Transcribe all the entries word for word, skipping the pictures.

+++ Dataset records

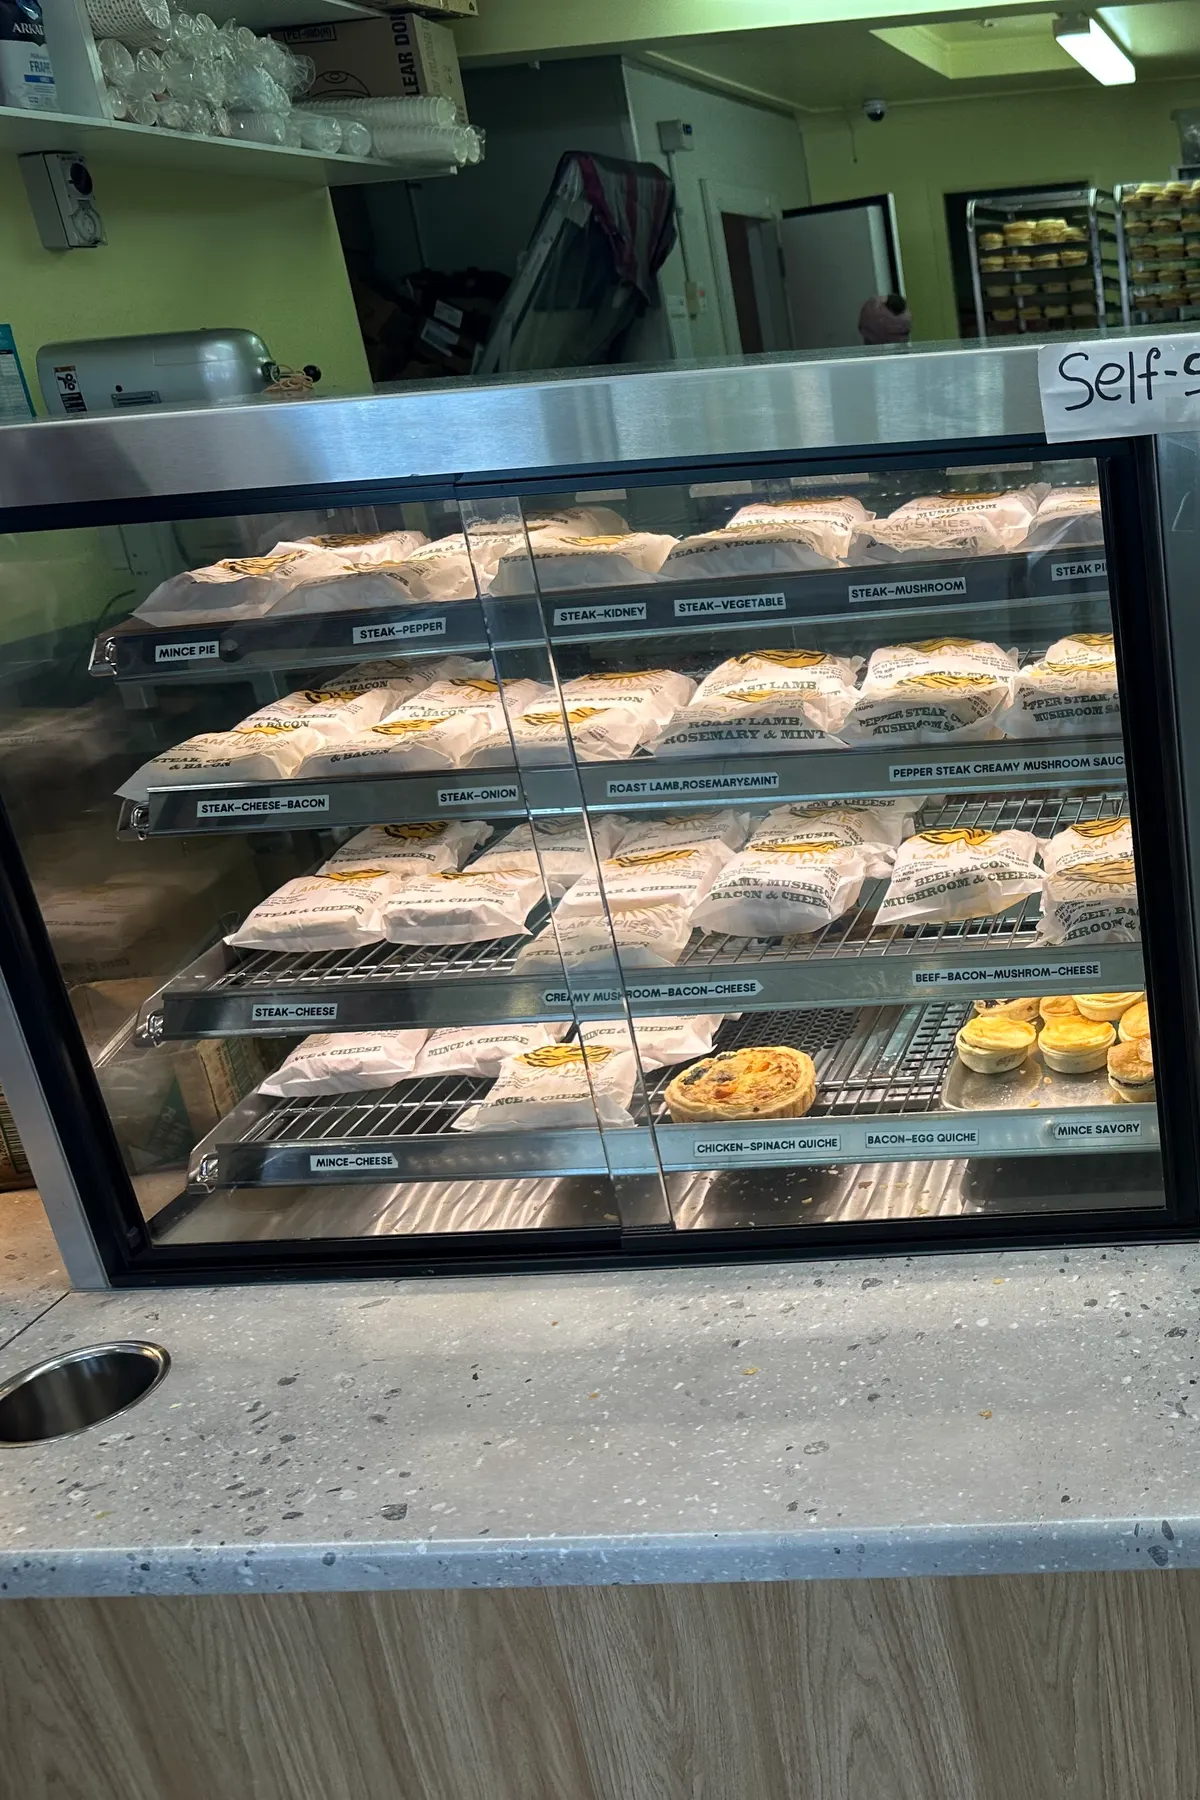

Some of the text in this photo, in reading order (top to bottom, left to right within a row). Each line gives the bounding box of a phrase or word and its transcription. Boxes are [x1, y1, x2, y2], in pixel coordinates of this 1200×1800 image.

[397, 52, 420, 97] LEAR
[1055, 561, 1108, 578] STEAK PI
[851, 580, 964, 598] STEAK-MUSHROOM
[678, 597, 784, 613] STEAK-VEGETABLE
[560, 607, 645, 621] STEAK-KIDNEY
[359, 620, 444, 640] STEAK-PEPPER
[158, 643, 216, 659] MINCE PIE
[422, 708, 468, 717] BACON
[266, 719, 310, 729] BACON
[763, 730, 778, 739] &
[780, 729, 826, 739] MINT
[893, 766, 933, 778] PEPPER
[935, 764, 971, 776] STEAK
[973, 762, 1020, 773] CREAMY
[1023, 758, 1091, 771] MUSHROOM
[440, 788, 517, 803] STEAK-ONION
[609, 782, 647, 794] ROAST
[201, 798, 325, 814] STEAK-CHEESE-BACON
[882, 879, 971, 909] MUSHROOM
[973, 874, 985, 885] &
[545, 991, 590, 1002] CREAMY
[255, 1006, 335, 1018] STEAK-CHEESE
[1057, 1123, 1140, 1136] MINCE SAVORY
[867, 1131, 976, 1145] BACON-EGG QUICHE
[696, 1138, 838, 1154] CHICKEN-SPINACH QUICHE
[316, 1155, 393, 1168] MINCE-CHEESE
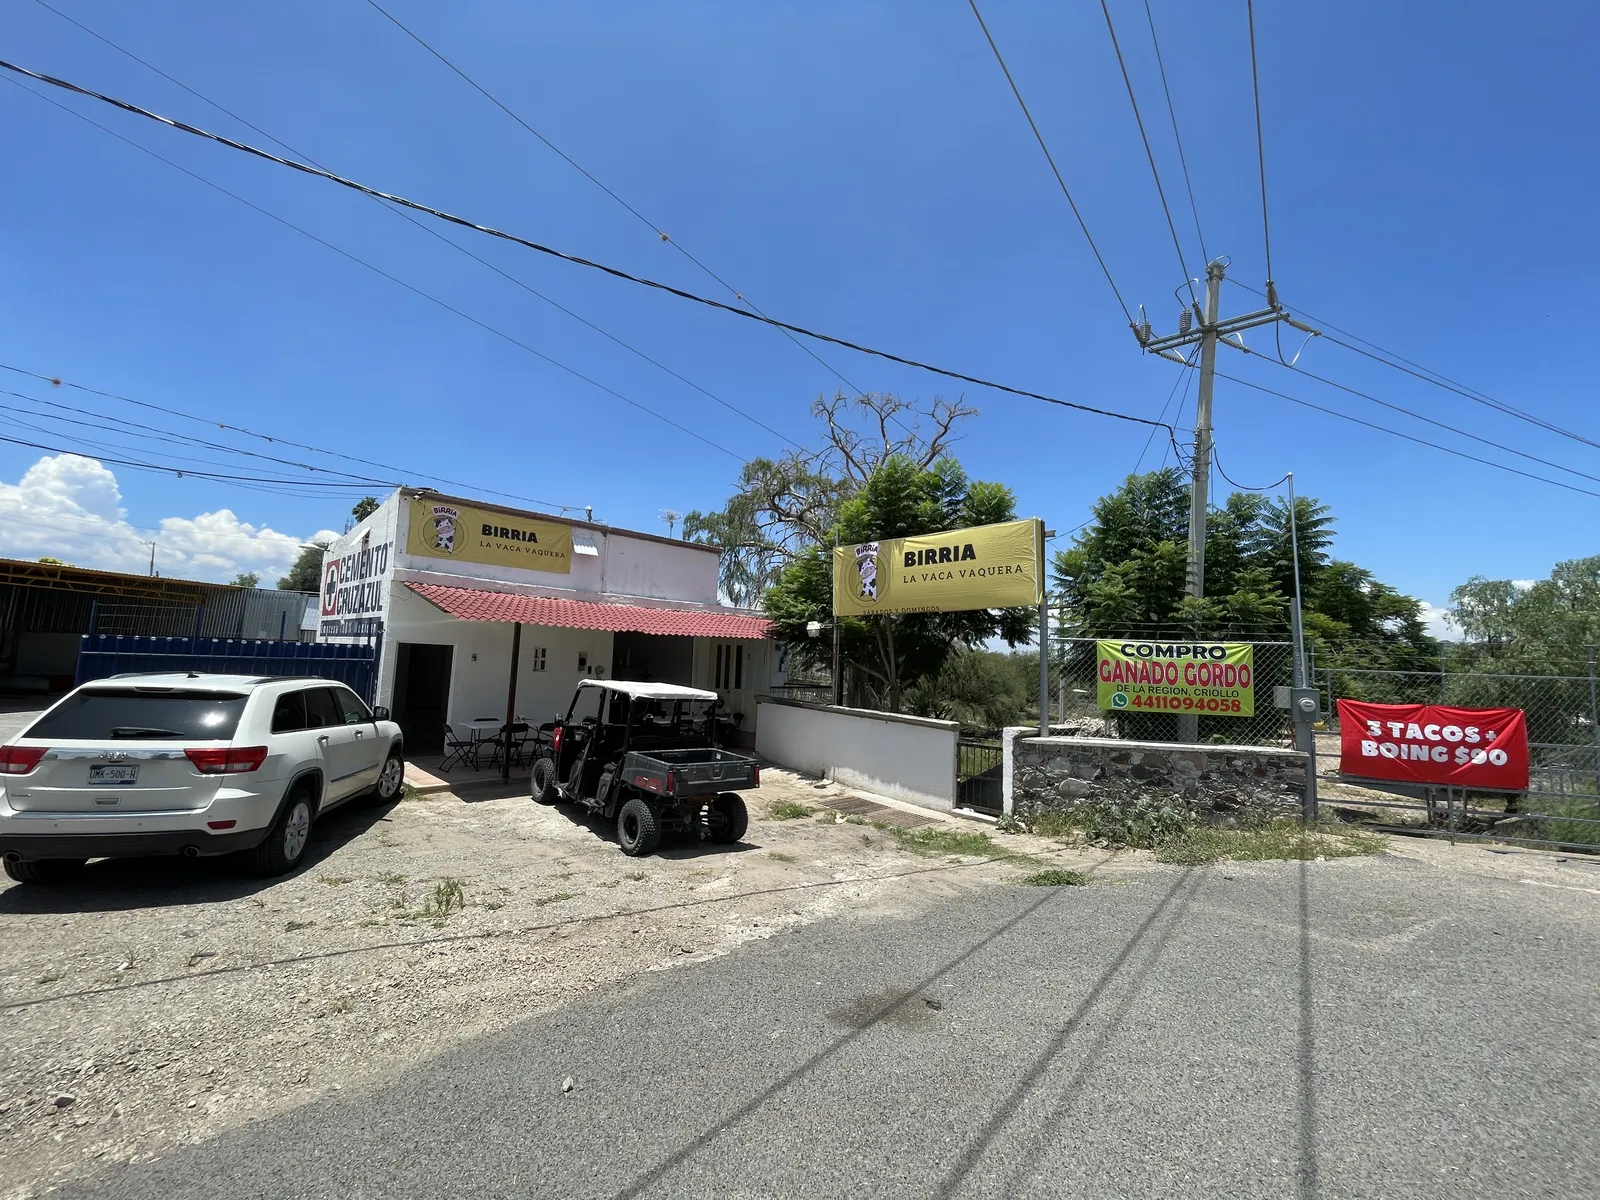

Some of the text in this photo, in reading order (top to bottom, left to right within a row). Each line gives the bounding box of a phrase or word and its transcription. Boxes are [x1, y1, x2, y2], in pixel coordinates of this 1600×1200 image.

[481, 523, 538, 543] BIRRIA
[480, 541, 566, 559] LA VACA VAQUERA
[904, 543, 976, 567] BIRRIA
[340, 542, 388, 584] CEMENTO
[903, 564, 1023, 584] LA VACA VAQUERA
[902, 605, 940, 613] DOMINGOS
[1120, 643, 1227, 660] COMPRO
[1100, 659, 1251, 689] GANADO GORDO
[1116, 684, 1239, 698] DE LA REGION, CRIOLLO
[1132, 695, 1241, 713] 4411094058
[1366, 720, 1382, 737] 3
[1387, 721, 1481, 743] TACOS
[1361, 740, 1508, 766] BOING $90
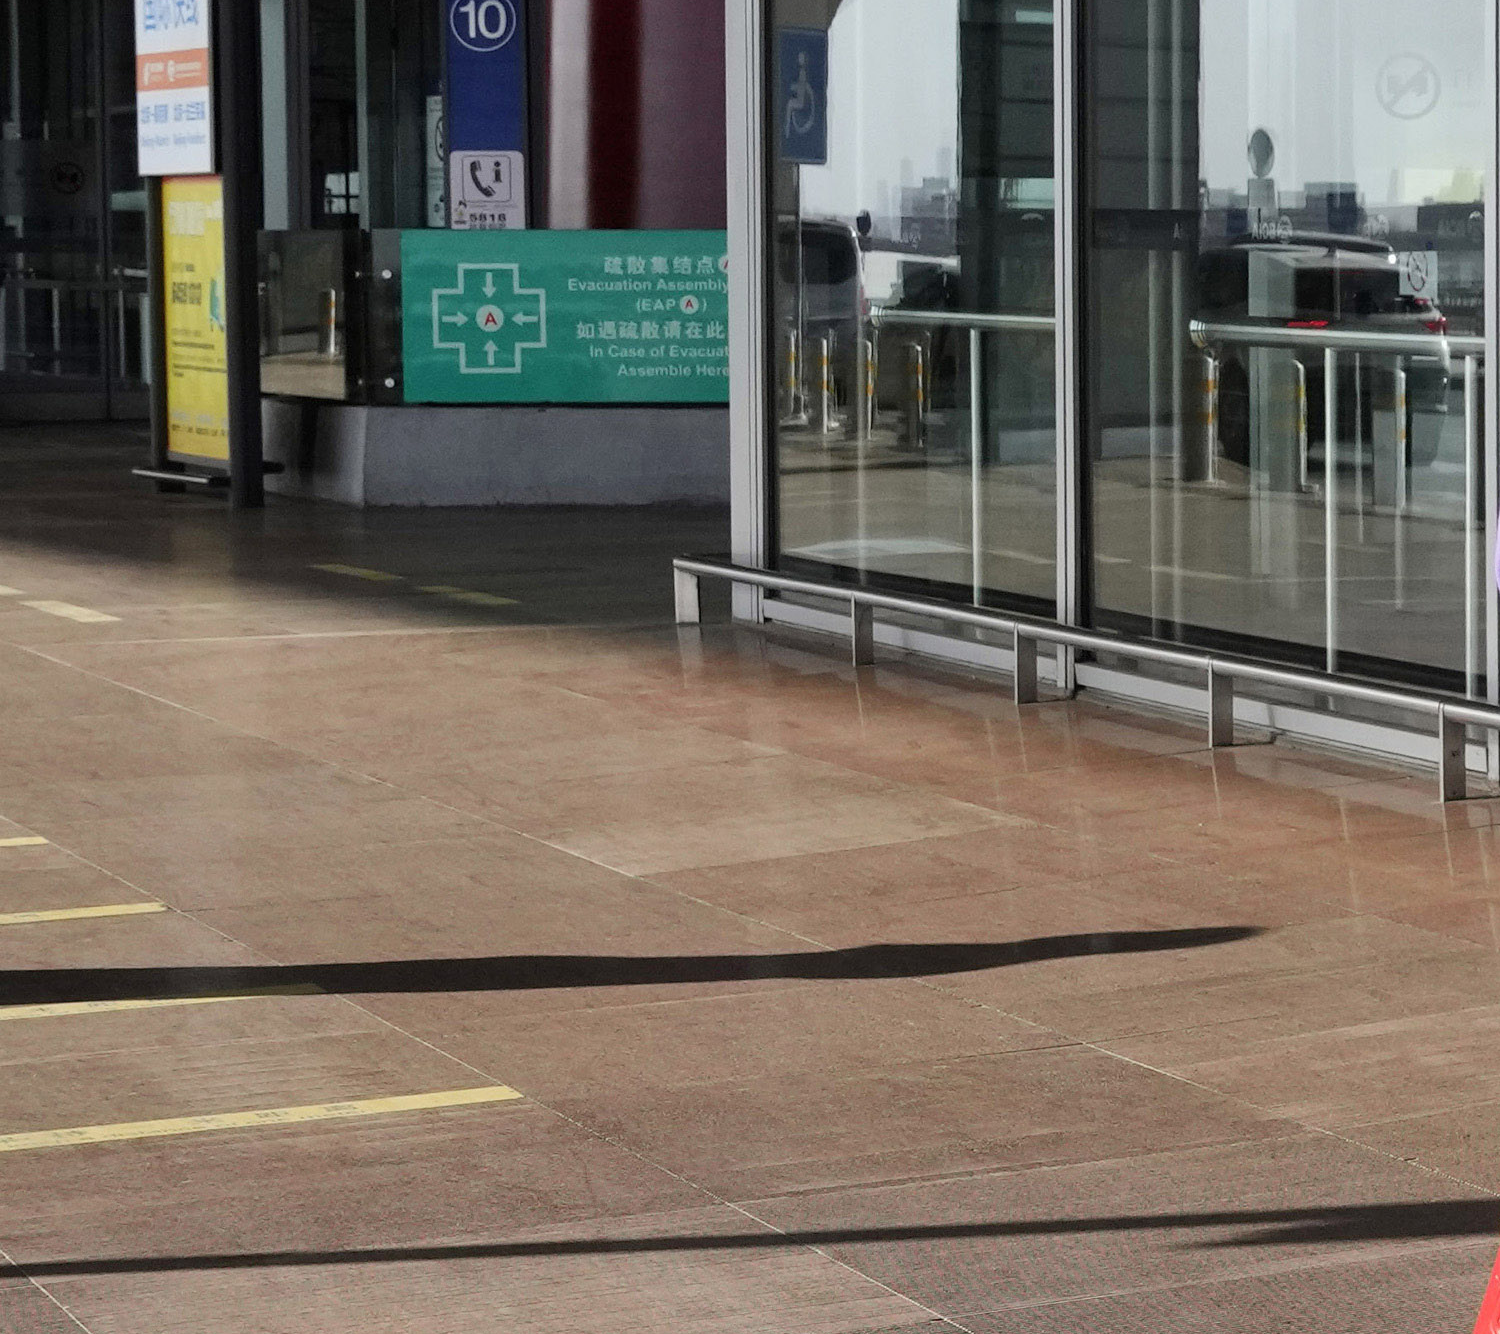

++++++

**Task answer:**
Some of the text in this photo, in reading order (top to bottom, left to right within a row). Each line gives the bounding box of a phrase or word and its transcription. Boxes are [x1, y1, x2, y2], in pixel coordinates of this 1200×1800 image.

[397, 52, 420, 97] LEAR
[1055, 561, 1108, 578] STEAK PI
[851, 580, 964, 598] STEAK-MUSHROOM
[678, 597, 784, 613] STEAK-VEGETABLE
[560, 607, 645, 621] STEAK-KIDNEY
[359, 620, 444, 640] STEAK-PEPPER
[158, 643, 216, 659] MINCE PIE
[422, 708, 468, 717] BACON
[266, 719, 310, 729] BACON
[763, 730, 778, 739] &
[780, 729, 826, 739] MINT
[893, 766, 933, 778] PEPPER
[935, 764, 971, 776] STEAK
[973, 762, 1020, 773] CREAMY
[1023, 758, 1091, 771] MUSHROOM
[440, 788, 517, 803] STEAK-ONION
[609, 782, 647, 794] ROAST
[201, 798, 325, 814] STEAK-CHEESE-BACON
[882, 879, 971, 909] MUSHROOM
[973, 874, 985, 885] &
[545, 991, 590, 1002] CREAMY
[255, 1006, 335, 1018] STEAK-CHEESE
[1057, 1123, 1140, 1136] MINCE SAVORY
[867, 1131, 976, 1145] BACON-EGG QUICHE
[696, 1138, 838, 1154] CHICKEN-SPINACH QUICHE
[316, 1155, 393, 1168] MINCE-CHEESE

Some of the text in this photo, in reading order (top to bottom, left to right within a row). Each line gives the bounding box of a phrase or word and its transcription. Boxes are [x1, y1, x2, y2], in pixel coordinates of this 1600×1200 image.

[481, 523, 538, 543] BIRRIA
[480, 541, 566, 559] LA VACA VAQUERA
[904, 543, 976, 567] BIRRIA
[340, 542, 388, 584] CEMENTO
[903, 564, 1023, 584] LA VACA VAQUERA
[902, 605, 940, 613] DOMINGOS
[1120, 643, 1227, 660] COMPRO
[1100, 659, 1251, 689] GANADO GORDO
[1116, 684, 1239, 698] DE LA REGION, CRIOLLO
[1132, 695, 1241, 713] 4411094058
[1366, 720, 1382, 737] 3
[1387, 721, 1481, 743] TACOS
[1361, 740, 1508, 766] BOING $90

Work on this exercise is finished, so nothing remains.